> _Exercise material_:
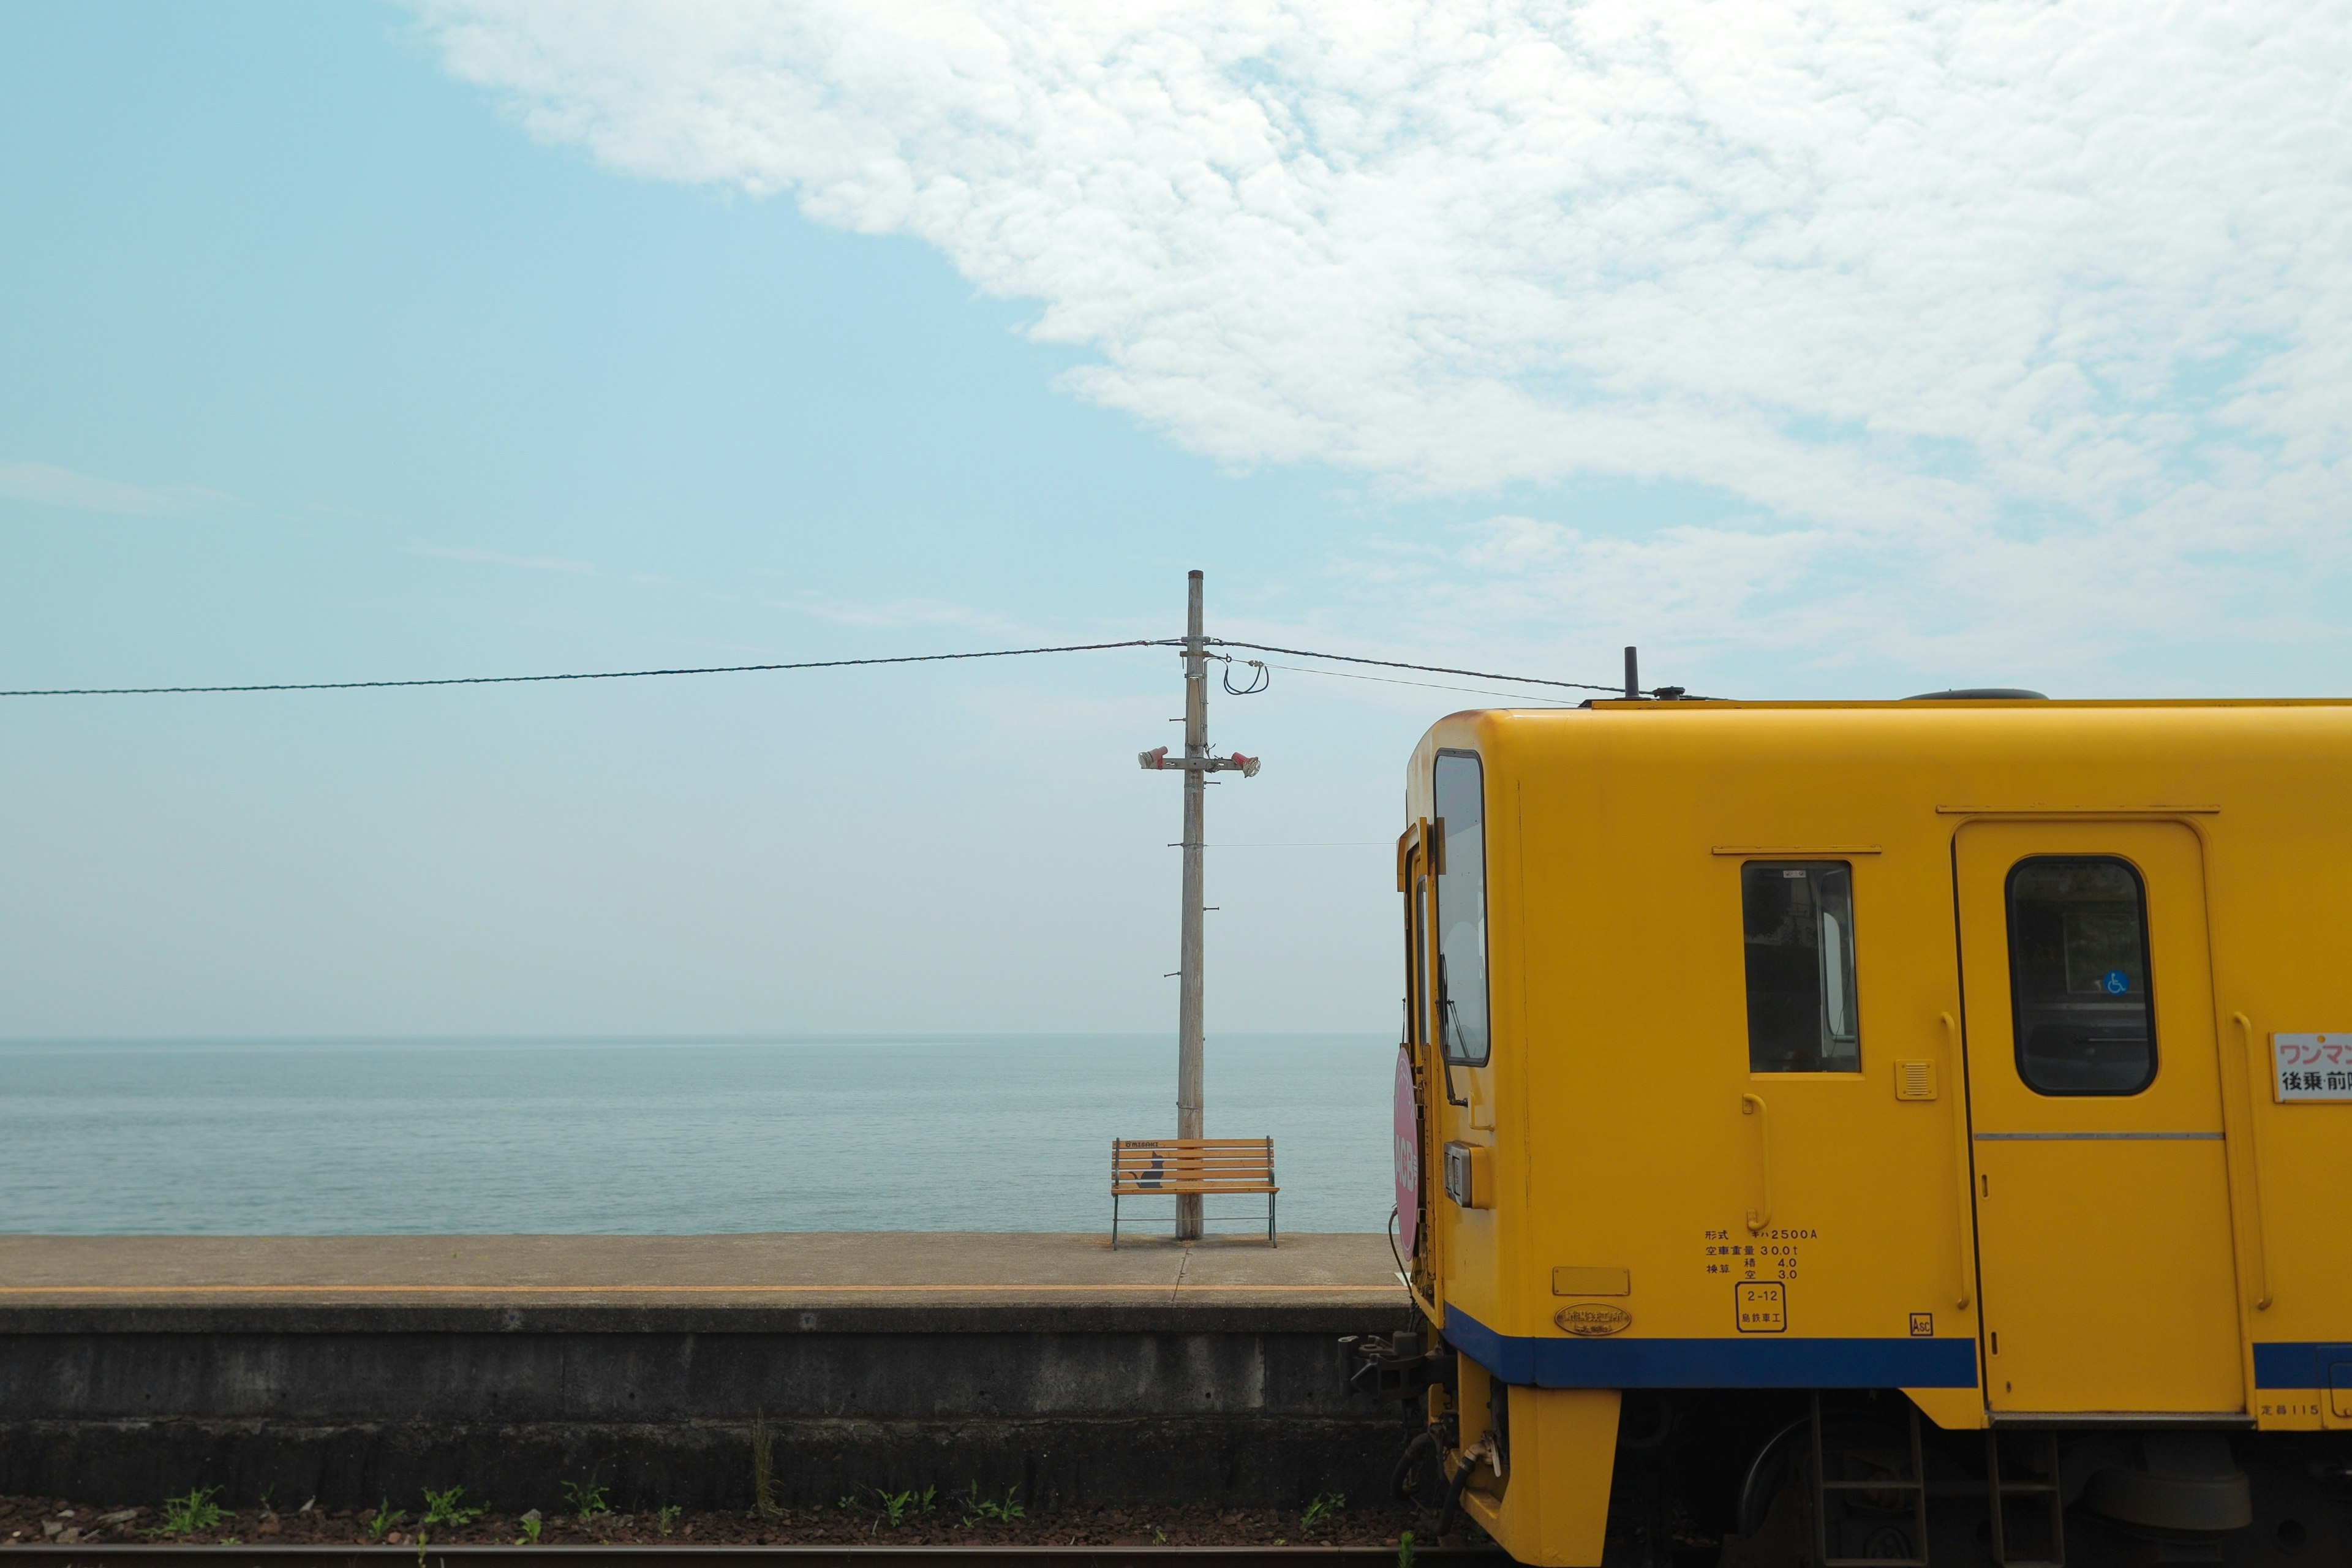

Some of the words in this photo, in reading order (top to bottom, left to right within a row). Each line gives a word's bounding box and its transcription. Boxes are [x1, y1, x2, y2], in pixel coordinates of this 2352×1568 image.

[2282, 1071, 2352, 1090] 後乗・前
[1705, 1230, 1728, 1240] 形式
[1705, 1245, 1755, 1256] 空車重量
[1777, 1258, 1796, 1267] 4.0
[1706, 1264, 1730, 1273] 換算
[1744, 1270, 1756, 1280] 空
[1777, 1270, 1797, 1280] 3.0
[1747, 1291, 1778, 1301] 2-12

> _Instructions for the task_: The response should consist of the entries above, given again exactly and free of pictures.

> _Solved problem_:
Some of the words in this photo, in reading order (top to bottom, left to right within a row). Each line gives a word's bounding box and its transcription. Boxes are [x1, y1, x2, y2], in pixel coordinates of this 2352×1568 image.

[2282, 1071, 2352, 1090] 後乗・前
[1705, 1230, 1728, 1240] 形式
[1705, 1245, 1755, 1256] 空車重量
[1777, 1258, 1796, 1267] 4.0
[1706, 1264, 1730, 1273] 換算
[1744, 1270, 1756, 1280] 空
[1777, 1270, 1797, 1280] 3.0
[1747, 1291, 1778, 1301] 2-12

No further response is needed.